La experiencia acreditada es congruente con su dilatada trayectoria en el tiempo, desde 1989, coincidente además con la ejecución de interesantes realizaciones y debates con implicaciones significativas para la ordenación del territorio- con ejemplos tan significativos como el Programa TERRA o el Programa de Cooperación Territorial del Espacio Sudoeste Europeo (SUDOE), entre otros - y el apoyo a programas de cooperación a gran escala fuera del perímetro de la UE y justificado por el propósito de promover nuevos “instrumentos europeos de vecindad y asociación”. Y, por supuesto, las intervenciones llevadas a cabo difícilmente podrían entenderse si el respaldo científico aportado por una de las entidades dedicadas a la investigación territorial más importantes de nuestro tiempo. Me refiero obviamente al Observatorio ESPON (European Observation Network, Territorial Development and Cohesion), que ve a luz a finales del siglo XX coincidiendo con la aprobación de la Estrategia Territorial Europea, en cuyo organigrama figura como un potente órgano de coordinación científica para la ejecución de proyectos específicamente relacionados con el estudio de las implicaciones territoriales de la integración.
Estos precedentes y estas bases, que aportan un conocimiento cabal sobre las perspectivas e incertidumbres que se ciernen sobre la cooperación interregional, abren paso a dos relevantes medidas, respectivamente relacionadas con la consolidación de este fenómeno y con la voluntad de resolver algunos de los riesgos e insuficiencias que la afectan. La primera de ellas, tiene que ver con el afianzamiento de la seguridad jurídica garantizada por el Reglamento (CE) nº 1082/2006 del Parlamento Europeo y del Consejo, de 5 de julio de 2006, por el que se crea la figura de la Agrupación Europea de Cooperación Territorial (AECT), planteado como un instrumento de Derecho comunitario dotado de personalidad y capacidad jurídica (Manero, 2011:251). La segunda, con la relevancia otorgada a la Cooperación Territorial a la que se asigna el rango de Objetivo 3, delimitando con los otros dos – Convergencia Regional y Competitividad Regional y Empleo – el marco de la referencia en el que se inscribe la Política de Cohesión a partir del periodo de programación 2007-2013. Es la base sobre la que descansa la aplicación de INTERREG IV, estructurado en los tres niveles ya definidos con anterioridad (A, transfronteriza; B, transnacional; C, interregional). De este modo la interterritorialidad, cimentada en la capacidad de iniciativa estratégica de las regiones, tiende a consolidarse como uno de los factores determinantes de la organización y transformación del espacio en el contexto de un proceso abierto al ajuste y recomposición permanentes.
Conclusiones
Es evidente que a la Geografía compete la responsabilidad de haber otorgado entidad conceptual y empírica a la idea de región en momentos en los que la consideración del espacio estaba ausente u ocupaba una posición irrelevante en el tratamiento especializado de los fenómenos económicos y sociales. Un meritorio caudal de aportaciones lo avala con creces, lo que demuestra hasta qué punto la trayectoria del pensamiento y de la cultura geográficos es indisociable del esfuerzo intelectual por hacer de la realidad regional una cuestión nuclear en la interpretación de las diferencias espaciales, progresivamente enriquecida merced a las consideraciones extraídas del estudio comparado y a la aplicación de las innovaciones metodológicas que han hecho posible avances muy notables en esa dirección.

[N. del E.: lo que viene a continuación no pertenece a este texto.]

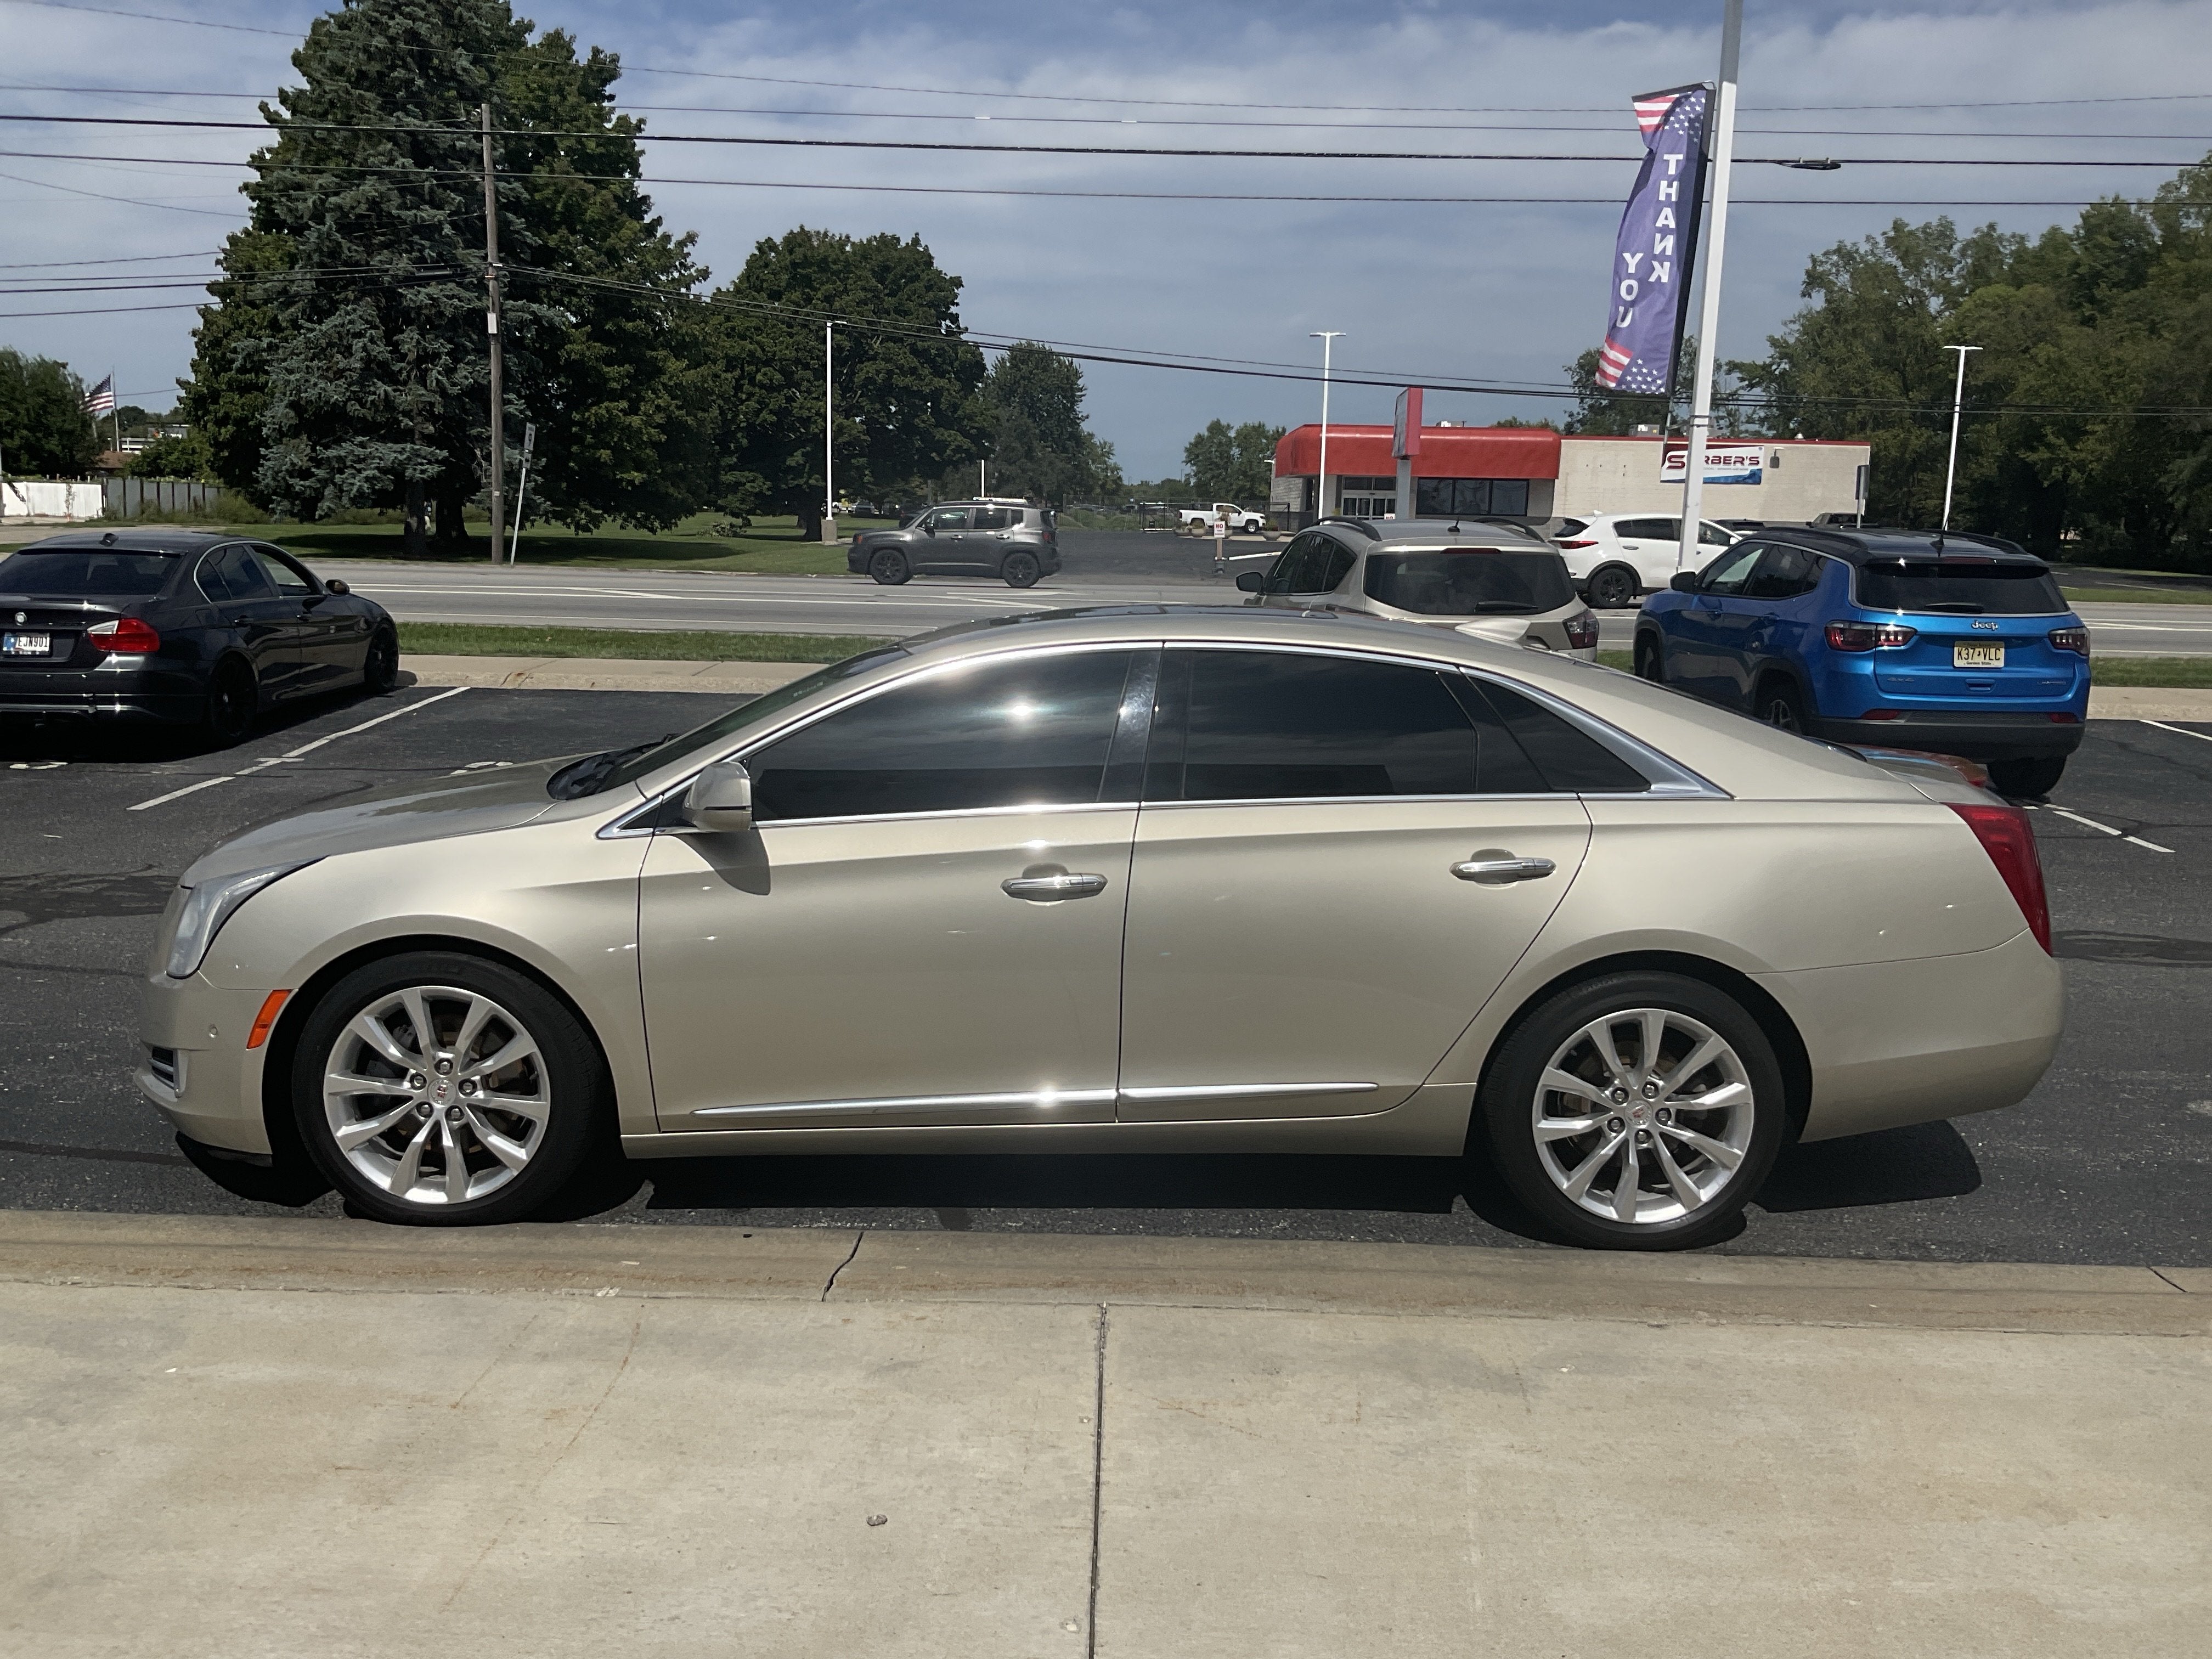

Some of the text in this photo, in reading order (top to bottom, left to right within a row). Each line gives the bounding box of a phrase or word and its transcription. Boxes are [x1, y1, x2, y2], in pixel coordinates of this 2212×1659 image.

[1666, 455, 1760, 470] SBER'S
[1971, 619, 1999, 631] Jeep
[1957, 648, 2001, 661] K37 VLC

Ahora bien, su consideración como objeto de estudio por parte de otros campos del conocimiento, e inducido por las transformaciones económicas ocurridas en la segunda mitad del siglo XX, no ha hecho sino ampliar y fortalecer la propia virtualidad del concepto de región al tiempo que contribuido a su afianzamiento científico, permitiendo resolver las ambigüedades de que en ocasiones había adolecido y justificando la entidad alcanzada como valioso y crucial tema de investigación desde el punto de vista interdisciplinar. Su estudio no deja de poner de manifiesto una creciente complejidad y riqueza de matices al compás de los diversos criterios utilizados y a medida que los métodos de análisis alcanzan cotas mayores de rigor y calidad interpretativos, de forma que el análisis regional no se limita ya al mero descubrimiento de espacios uniformes sino al estudio de los flujos, de las densidades, de las jerarquías y de las interdependencias que en ellos tienen lugar.
De ahí deriva esa cualidad evidente para favorecer la confluencia de metodologías complementarias, especialmente útiles y clarificadoras a la hora de entenderlo como ámbito de experimentación de las políticas públicas que, apoyadas en las posibilidades que derivan de la condición de espacio de coherencia y culturalmente percibido por la sociedad, encuentran su fundamento en la valorización de los recursos, en la fortaleza de los niveles de articulación social y en la efectividad de las estrategias innovadoras de desarrollo territorial. Solo de este modo se entiende el predicamento adquirido por el hecho regional como idea susceptible de aplicación a diferentes escalas, entendidas como estructuras espacialmente imbricadas, dando origen a configuraciones variables, cuya versatilidad no hace sino subrayar el amplio margen de perspectivas que derivan de la toma en consideración de factores y elementos de coherencia distintivos y a los que se recurre, para dar sentido, justificación y operatividad a la diversidad de estructuras regionalizadas – y, por ende, de experiencias de desarrollo regional - puestas en práctica.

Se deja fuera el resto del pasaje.